# Exercise goal
When you find the line with "this 1280×1281 image." among the records below, reproduce it and each line after it exactly, ending with the line with "this 1920×1280 image.".

⁂

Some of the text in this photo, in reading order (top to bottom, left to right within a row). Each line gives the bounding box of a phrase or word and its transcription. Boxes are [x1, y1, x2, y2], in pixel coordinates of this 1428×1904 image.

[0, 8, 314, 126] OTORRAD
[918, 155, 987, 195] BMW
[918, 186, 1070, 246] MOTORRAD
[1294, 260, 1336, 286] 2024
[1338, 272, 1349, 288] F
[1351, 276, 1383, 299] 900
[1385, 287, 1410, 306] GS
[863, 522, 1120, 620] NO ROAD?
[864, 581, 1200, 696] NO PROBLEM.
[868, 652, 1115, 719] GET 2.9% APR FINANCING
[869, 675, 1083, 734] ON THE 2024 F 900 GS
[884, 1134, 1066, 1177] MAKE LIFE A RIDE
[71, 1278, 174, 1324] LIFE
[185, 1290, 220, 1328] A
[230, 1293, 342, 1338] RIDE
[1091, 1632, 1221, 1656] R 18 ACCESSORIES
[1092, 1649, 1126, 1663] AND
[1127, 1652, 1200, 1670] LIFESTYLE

⁂

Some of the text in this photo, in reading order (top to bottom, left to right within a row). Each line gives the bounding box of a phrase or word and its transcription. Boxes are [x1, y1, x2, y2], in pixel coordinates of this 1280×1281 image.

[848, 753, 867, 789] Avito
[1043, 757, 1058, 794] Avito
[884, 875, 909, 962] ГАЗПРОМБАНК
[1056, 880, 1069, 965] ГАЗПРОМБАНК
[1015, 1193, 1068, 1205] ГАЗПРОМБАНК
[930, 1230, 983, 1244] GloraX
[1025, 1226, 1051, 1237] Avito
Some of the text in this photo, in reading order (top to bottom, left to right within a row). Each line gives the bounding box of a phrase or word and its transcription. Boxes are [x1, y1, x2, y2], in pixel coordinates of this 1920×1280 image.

⁂

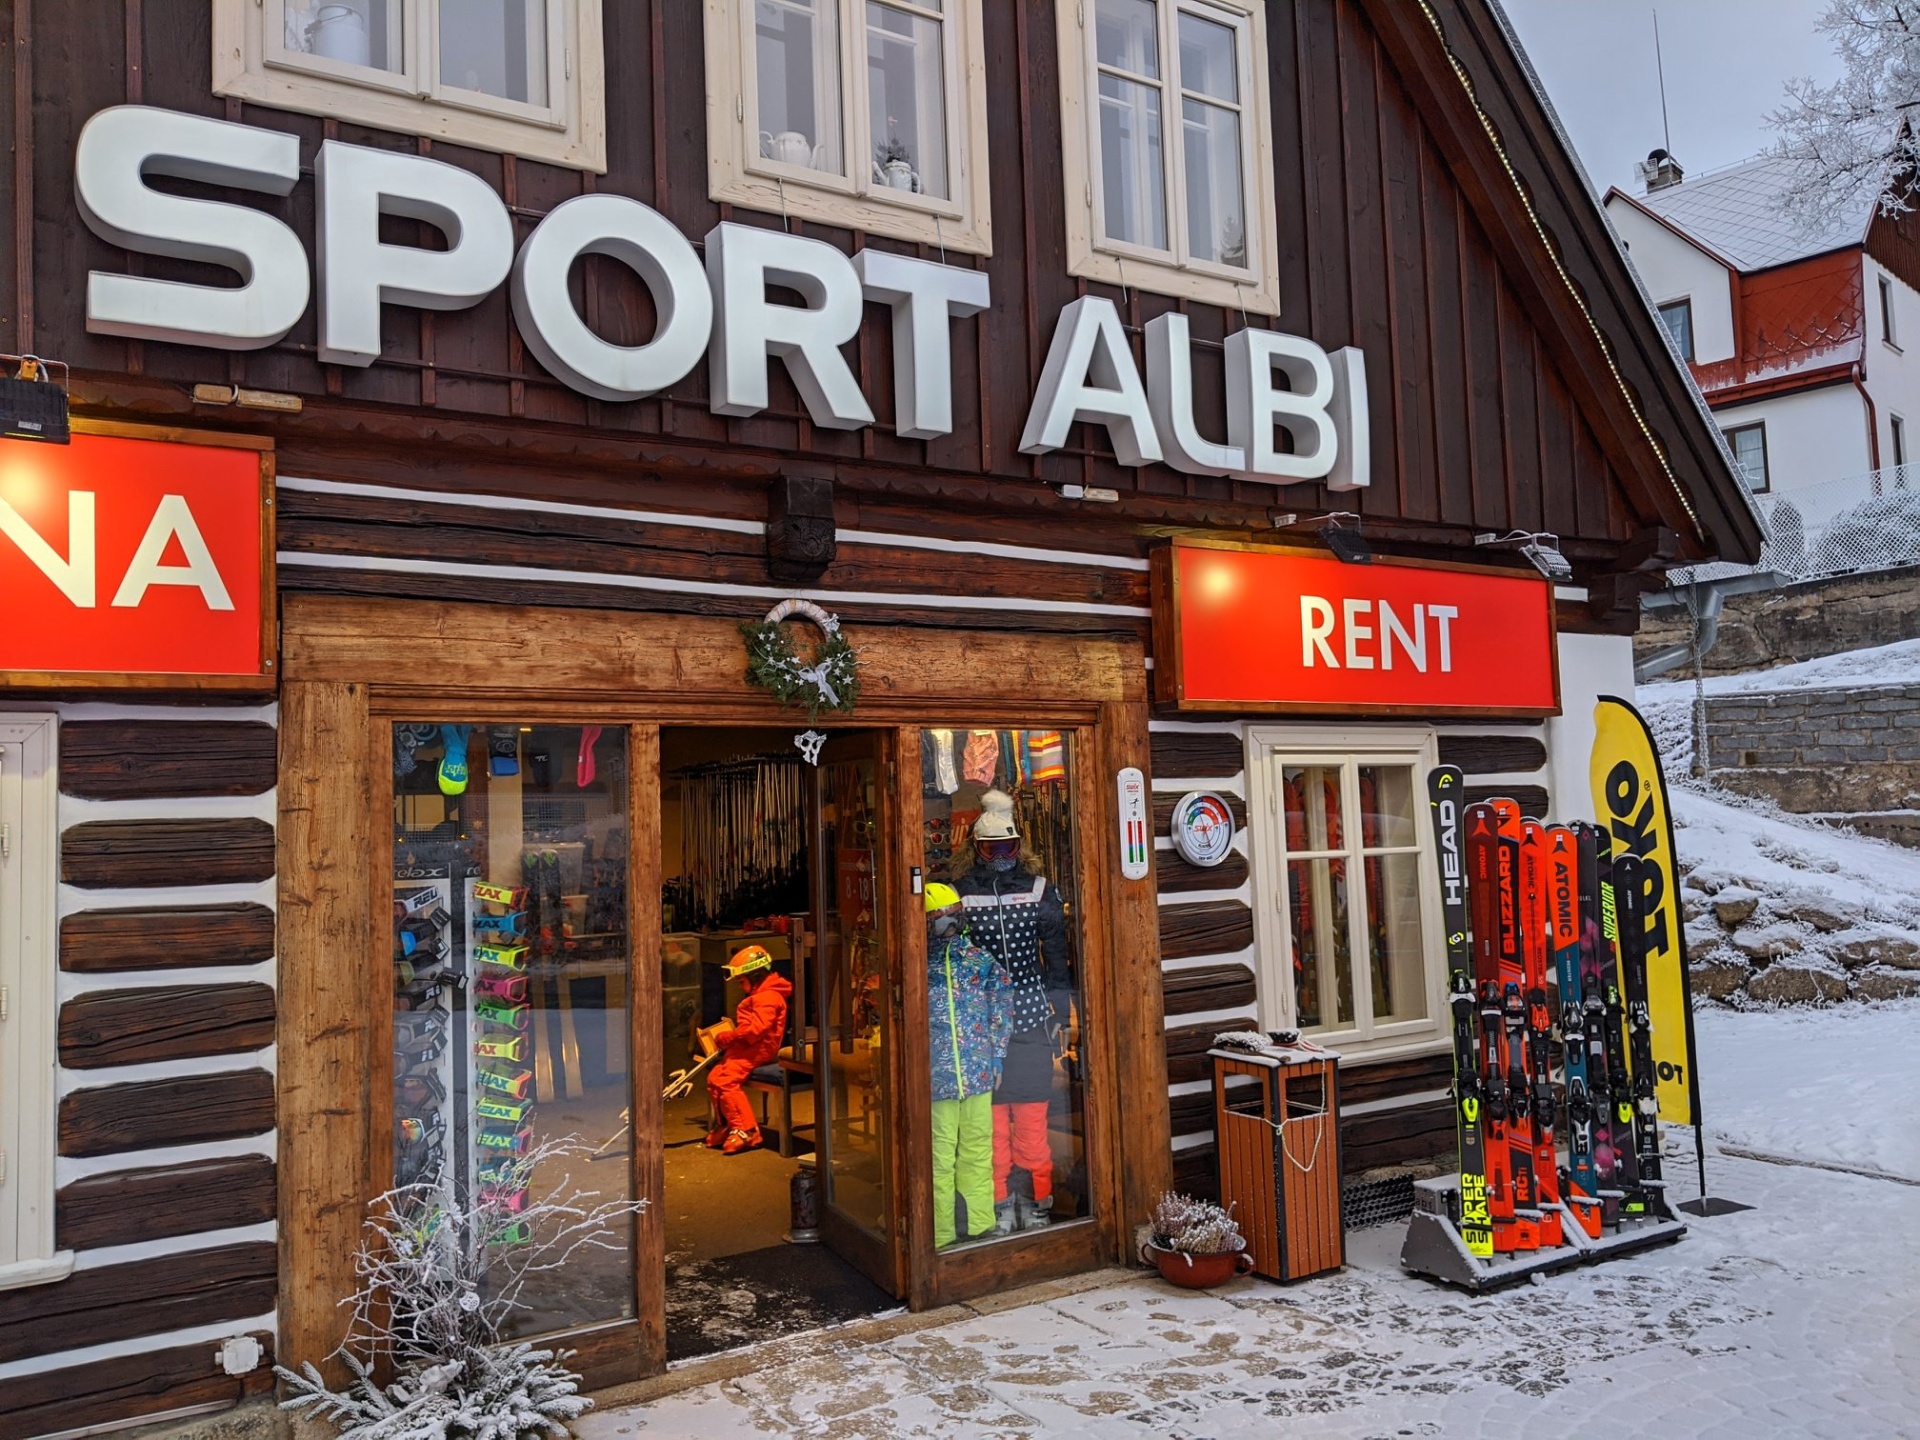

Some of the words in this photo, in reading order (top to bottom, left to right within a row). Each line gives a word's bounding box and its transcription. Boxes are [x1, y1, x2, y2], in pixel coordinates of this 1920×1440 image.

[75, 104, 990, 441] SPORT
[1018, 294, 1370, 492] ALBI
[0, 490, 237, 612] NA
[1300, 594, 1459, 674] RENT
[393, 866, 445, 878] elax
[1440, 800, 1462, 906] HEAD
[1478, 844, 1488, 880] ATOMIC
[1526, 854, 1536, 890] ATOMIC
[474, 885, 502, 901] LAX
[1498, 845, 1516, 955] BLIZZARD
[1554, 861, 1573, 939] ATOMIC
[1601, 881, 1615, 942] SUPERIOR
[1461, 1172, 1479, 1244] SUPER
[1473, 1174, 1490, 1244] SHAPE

⁂

# Answer box
Some of the text in this photo, in reading order (top to bottom, left to right within a row). Each line gives the bounding box of a phrase or word and its transcription. Boxes are [x1, y1, x2, y2], in pixel coordinates of this 1280×1281 image.

[848, 753, 867, 789] Avito
[1043, 757, 1058, 794] Avito
[884, 875, 909, 962] ГАЗПРОМБАНК
[1056, 880, 1069, 965] ГАЗПРОМБАНК
[1015, 1193, 1068, 1205] ГАЗПРОМБАНК
[930, 1230, 983, 1244] GloraX
[1025, 1226, 1051, 1237] Avito
Some of the text in this photo, in reading order (top to bottom, left to right within a row). Each line gives the bounding box of a phrase or word and its transcription. Boxes are [x1, y1, x2, y2], in pixel coordinates of this 1920×1280 image.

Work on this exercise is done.